[[ Data to examine, beginning ]]

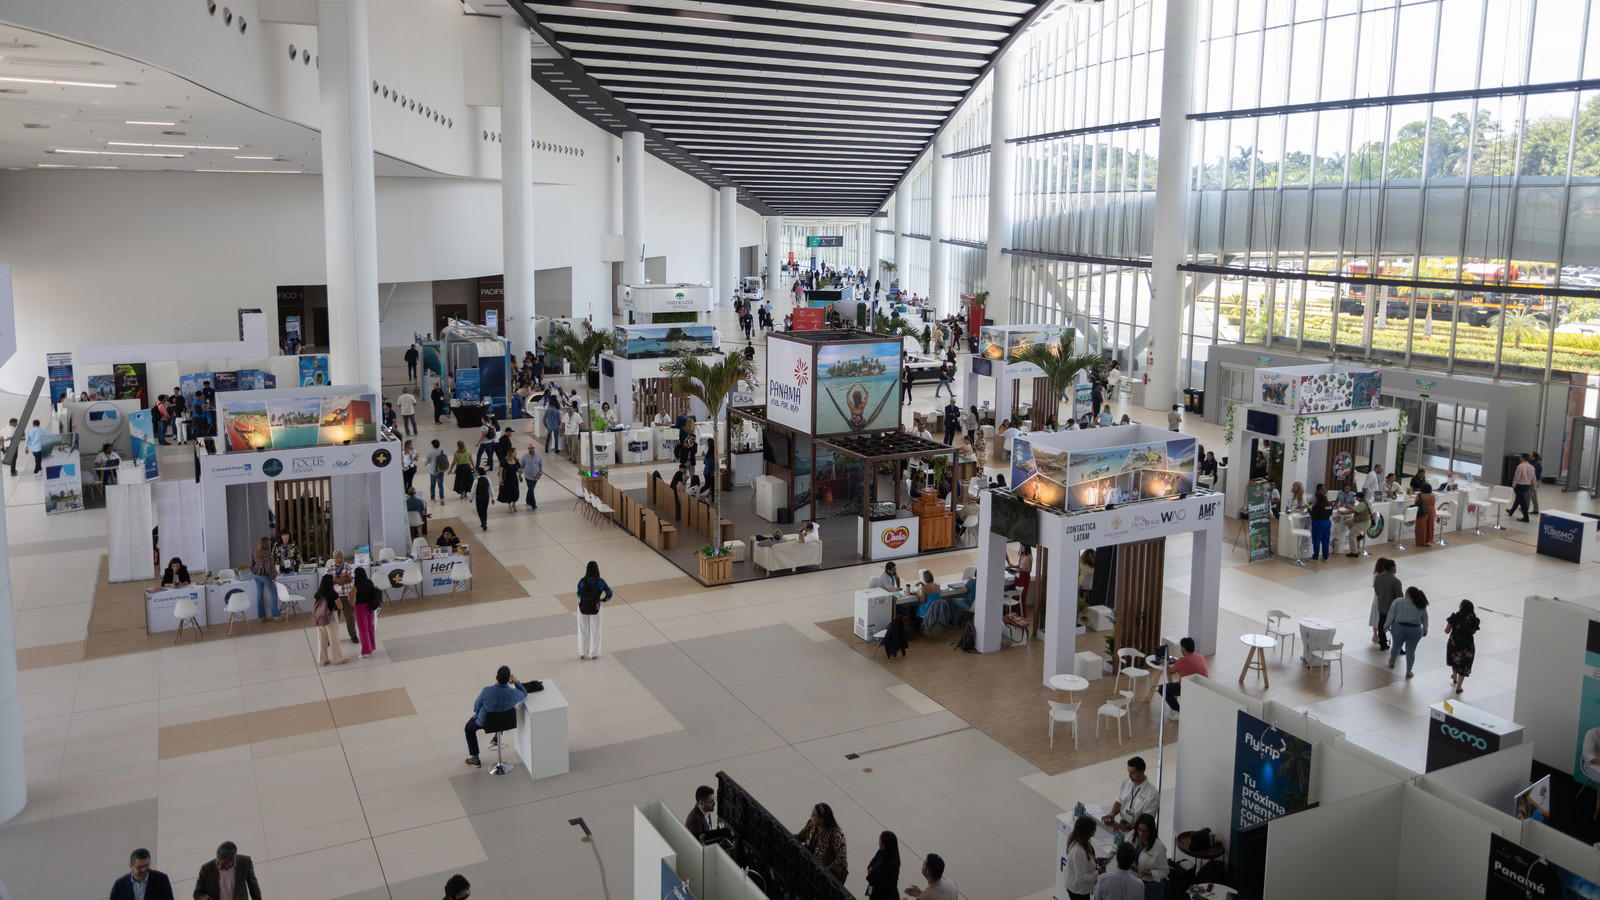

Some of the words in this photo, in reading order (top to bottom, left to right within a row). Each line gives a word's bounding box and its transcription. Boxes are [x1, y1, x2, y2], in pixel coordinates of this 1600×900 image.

[733, 394, 753, 403] CASA
[1066, 522, 1096, 535] CONTACTICA
[1073, 532, 1090, 543] LATAM
[1244, 731, 1281, 760] flytrip
[1242, 771, 1257, 788] Tu
[1241, 785, 1287, 815] próxima
[1493, 860, 1546, 895] Panamá
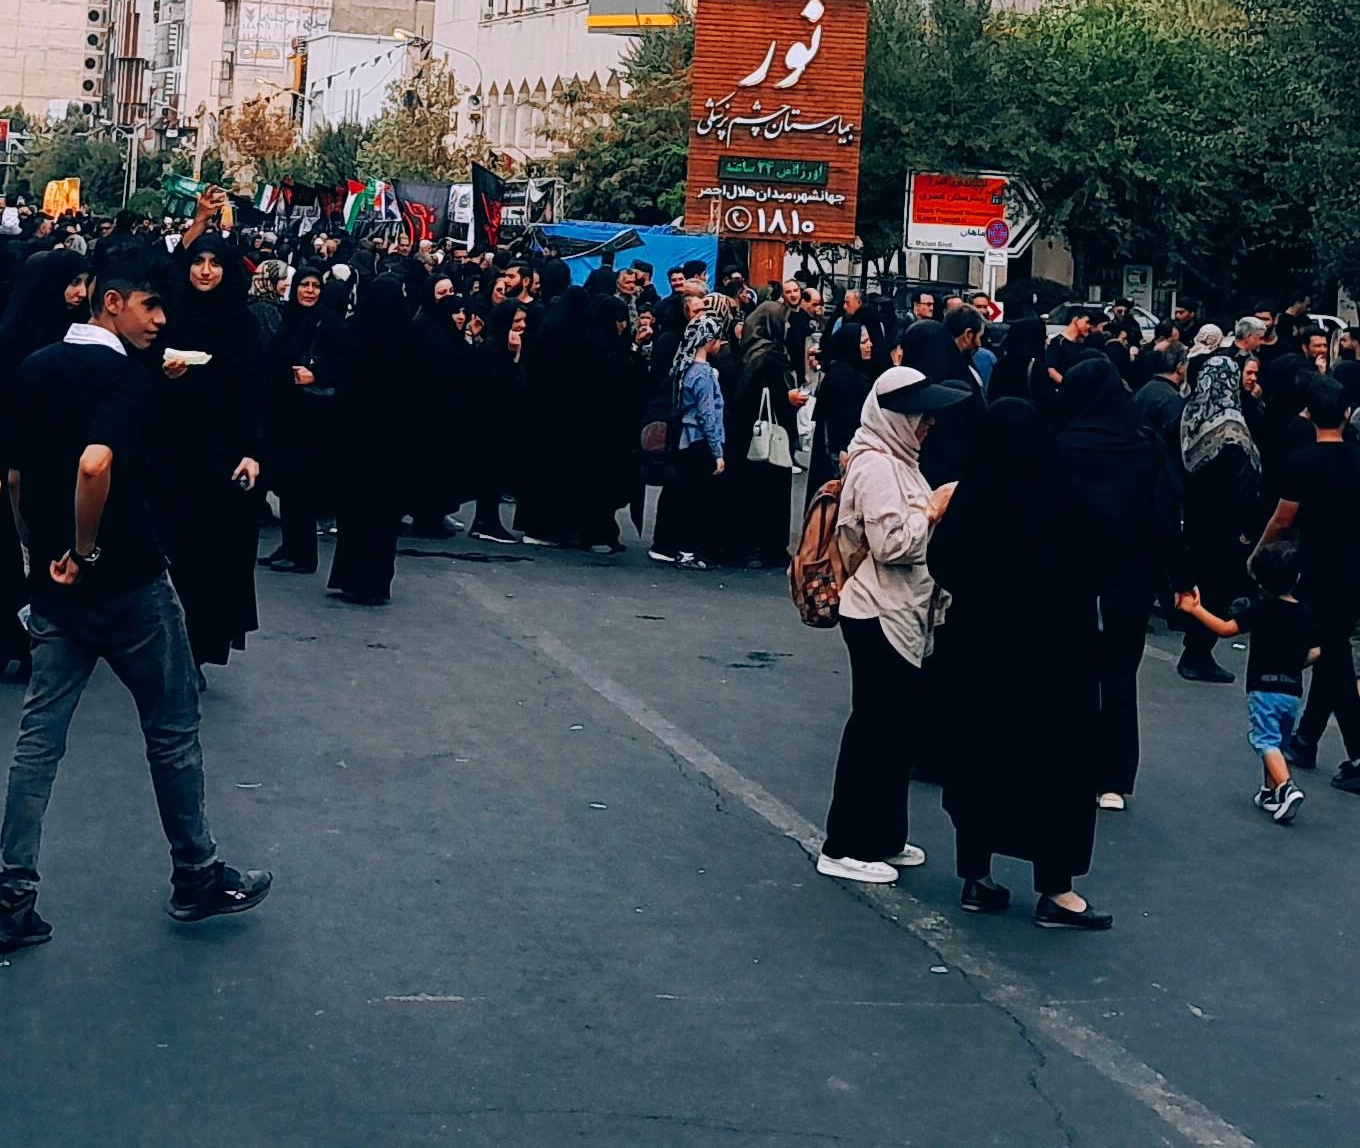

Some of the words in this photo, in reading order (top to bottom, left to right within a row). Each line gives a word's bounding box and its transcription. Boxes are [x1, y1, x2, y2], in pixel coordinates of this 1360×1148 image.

[696, 90, 737, 141] پزشکی
[726, 100, 792, 148] چشم
[764, 108, 854, 144] بیمارستان
[697, 184, 727, 199] احمر
[726, 184, 756, 200] هلال
[756, 186, 792, 203] میدان
[757, 207, 816, 235] ۱۸۱۰
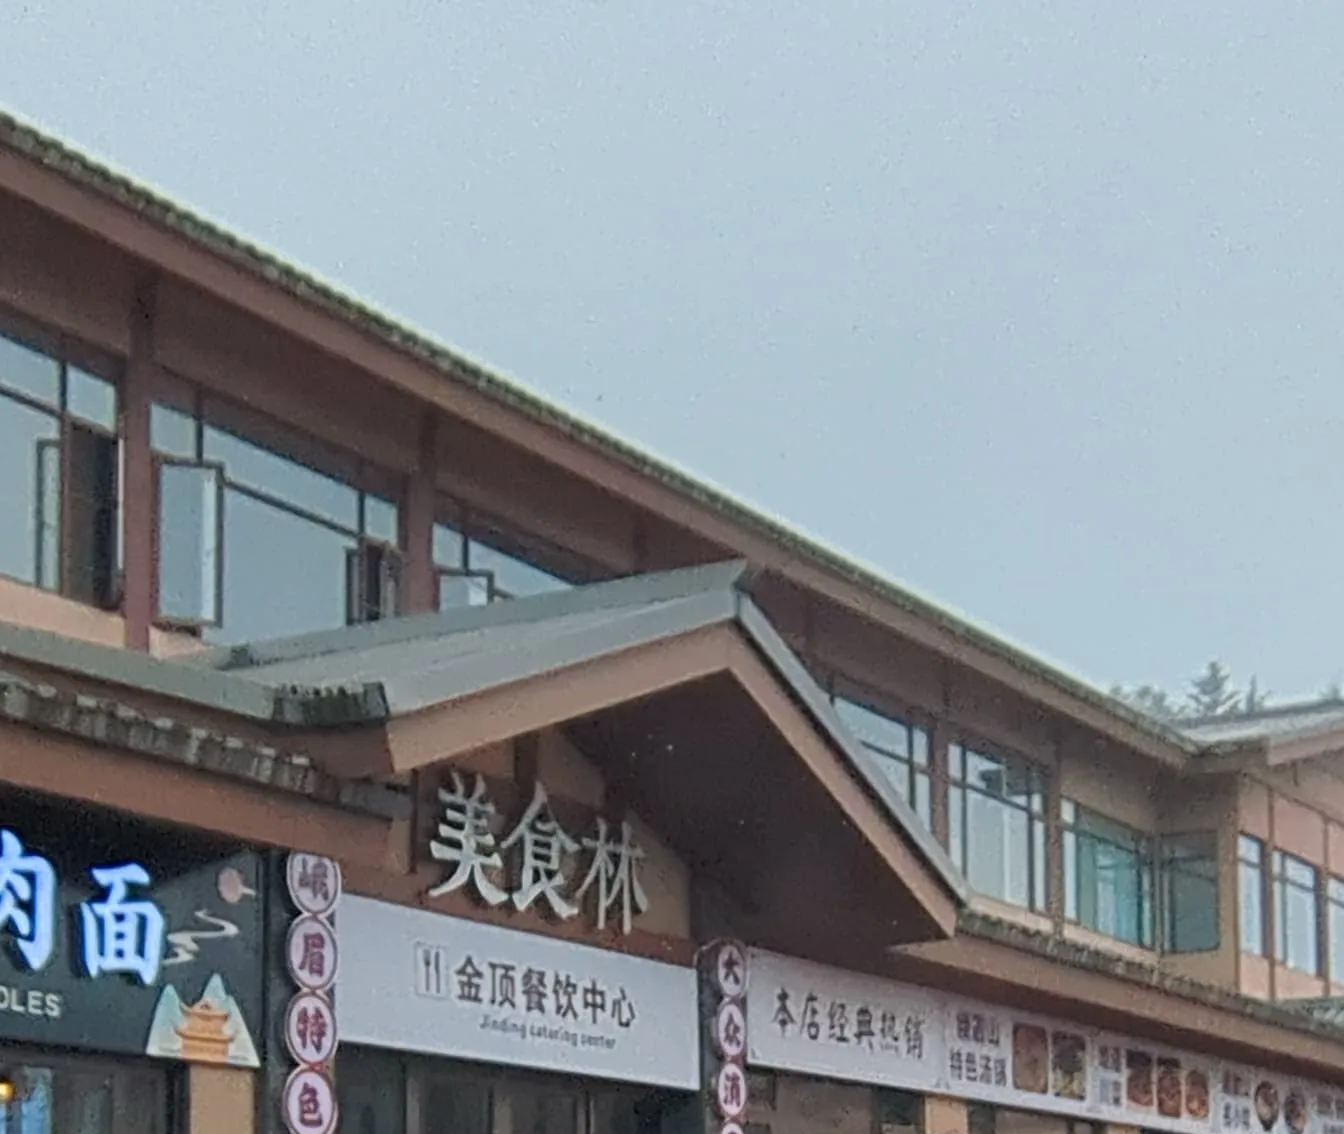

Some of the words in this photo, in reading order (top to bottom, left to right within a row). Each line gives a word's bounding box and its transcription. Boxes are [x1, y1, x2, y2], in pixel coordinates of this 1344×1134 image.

[428, 770, 649, 935] 美食林
[455, 954, 636, 1028] 金顶餐饮中心

[[ Data to examine, end ]]

- **Exercise description**
With the line containing "this 1344×1134 image." as the start and the last line of the listing as the end, restate that stretch word for word and nothing else.

- **Output**
Some of the words in this photo, in reading order (top to bottom, left to right within a row). Each line gives a word's bounding box and its transcription. Boxes are [x1, y1, x2, y2], in pixel coordinates of this 1344×1134 image.

[428, 770, 649, 935] 美食林
[455, 954, 636, 1028] 金顶餐饮中心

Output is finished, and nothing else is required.